247 Plastic Panda’s (Bas Haring) als referentie
In de vorige blog heb ik laten zien wat ik versta onder een klein (economisch) model. Je kunt zo de kern van een redenering beet pakken en hopelijk sneller doorzien waar de crux zit. Nu nemen we een wat ouder boek van Bas Haring om daar de manier van redeneren uit af te leiden. Bas Haring (hij kwam hier eerder al aan de orde omdat hij als een van de eersten een studente door AI liet begeleiden bij haar scripie). Ik ga er even vanuit dat dit boek een mooi voorbeeld is voor zijn manier van denken. Ik heb het vermoeden dat hij vaak op een soortgelijke manier redeneert en bekende ’trucs’ inzet, dus ik had ook een ander boek van hem kunnen proberen (wellicht dat ik dat nog een keer ga doen, als is het maar om dit vermoeden te checken).
Dus voor nu: waar gaat dat boek ‘Plastic Panda’s’ uit 2012 over om in de blog hierna de manier van redeneren nog eens onder de loep te nemen.

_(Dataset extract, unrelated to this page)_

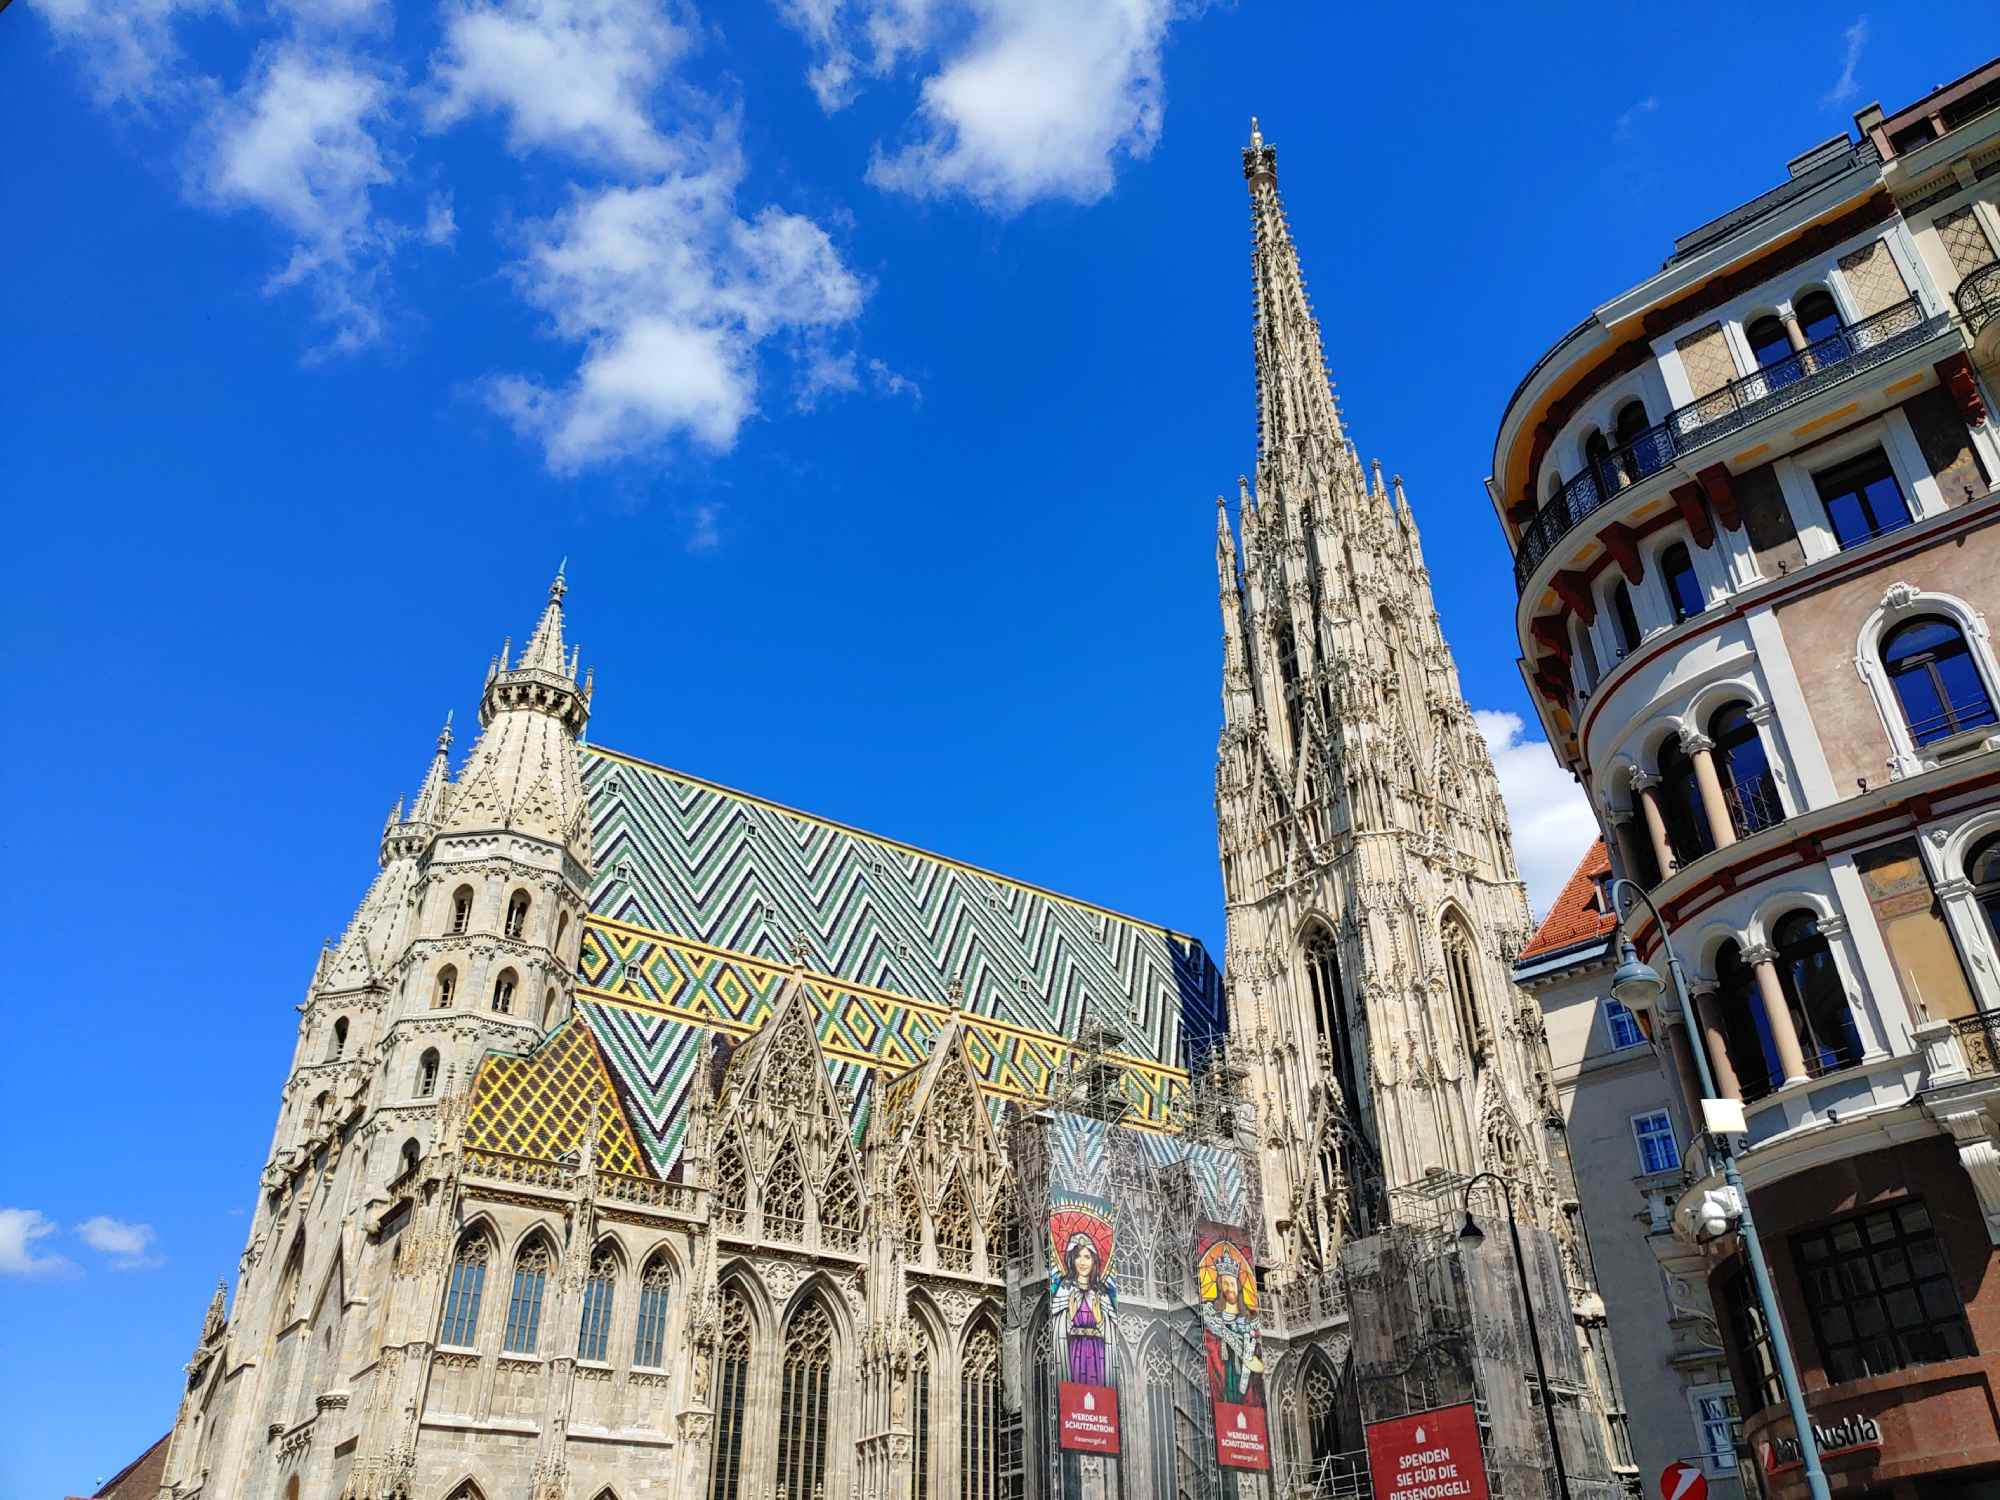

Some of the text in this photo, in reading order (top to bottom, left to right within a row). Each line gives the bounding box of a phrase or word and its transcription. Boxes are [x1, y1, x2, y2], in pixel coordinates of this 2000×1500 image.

Samenvatting van Plastic panda’s van Bas Haring
In Plastic panda’s – Over het opheffen van de natuur onderzoekt filosoof Bas Haring op kritische en toegankelijke wijze de vraag of het erg is dat natuur verdwijnt en soorten uitsterven. Hij begint met zijn kinderlijke verwondering over bedreigde diersoorten, maar stelt vervolgens volwassen, rationele vragen: is biodiversiteit echt nodig, en wat verliezen we precies?
Centrale boodschap:
Haring betoogt dat het verdwijnen van soorten en de afname van biodiversiteit niet per definitie een ramp is. Soorten hebben geen intrinsieke functie zoals organen dat hebben in een lichaam, en het uitsterven gebeurt vaak geleidelijk zonder direct leed. Veel argumenten voor natuurbehoud blijken gebaseerd op sentiment of slecht onderbouwde metaforen (zoals de ‘Jenga-toren’ van biodiversiteit).
Belangrijke thema’s:
- Twijfel als vertrekpunt: Haring twijfelt of soorten werkelijk waardevol zijn – en voor wie? Hij onderzoekt de natuur meer als systeem dan als heilig domein.

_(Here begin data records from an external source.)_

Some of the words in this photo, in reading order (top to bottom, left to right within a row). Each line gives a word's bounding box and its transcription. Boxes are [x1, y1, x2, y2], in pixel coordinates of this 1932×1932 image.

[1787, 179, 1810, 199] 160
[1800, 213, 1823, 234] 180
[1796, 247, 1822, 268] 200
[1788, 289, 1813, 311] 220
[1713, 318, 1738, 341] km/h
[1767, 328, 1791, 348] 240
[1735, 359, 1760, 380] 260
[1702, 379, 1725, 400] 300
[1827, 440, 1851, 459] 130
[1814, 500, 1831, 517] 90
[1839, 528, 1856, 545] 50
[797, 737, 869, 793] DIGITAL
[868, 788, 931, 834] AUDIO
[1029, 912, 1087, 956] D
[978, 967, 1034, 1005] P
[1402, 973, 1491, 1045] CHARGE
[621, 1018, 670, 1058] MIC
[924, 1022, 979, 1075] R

- Functie vs. waarde: Soorten hebben geen functie ‘voor het geheel’; ze bestaan omdat ze zichzelf in stand houden. Hun verdwijnen is niet altijd ecologisch catastrofaal.
- Mensgericht denken: De auteur stelt dat we vooral soorten beschermen die wij esthetisch of symbolisch waarderen, zoals panda’s. Hij noemt dat selectieve zorg.
- Soorten als menselijke constructie: Soorten zijn deels natuurlijke entiteiten, maar ook door mensen gemaakte categorieën. De waarde ervan is dus relatief.
- Ecosysteemdiensten: Natuur levert ons diensten zoals zuurstof, waterzuivering en bestuiving. Maar ook deze diensten zijn niet automatisch afhankelijk van maximale biodiversiteit.
- Ethiek en mededogen: Haring onderscheidt natuurbeschermers (die soorten willen behouden) van dierenbeschermers (die lijden willen voorkomen). Hij voelt meer voor de laatste groep.
Conclusie:
Haring pleit niet voor vernietiging van natuur, maar voor een nuchtere, goed onderbouwde kijk op natuurbehoud. Hij waarschuwt dat natuurorganisaties hun argumenten beter moeten doordenken, willen ze effectief blijven. Zijn persoonlijke conclusie: soorten zijn niet per se intrinsiek waardevol, maar wel als mensen ze waardevol vinden.
Stijl en toon:
Het boek is geschreven in een toegankelijke stijl met veel anekdotes, metaforen en filosofische overwegingen. Het roept op tot kritisch denken, zonder belerend te zijn.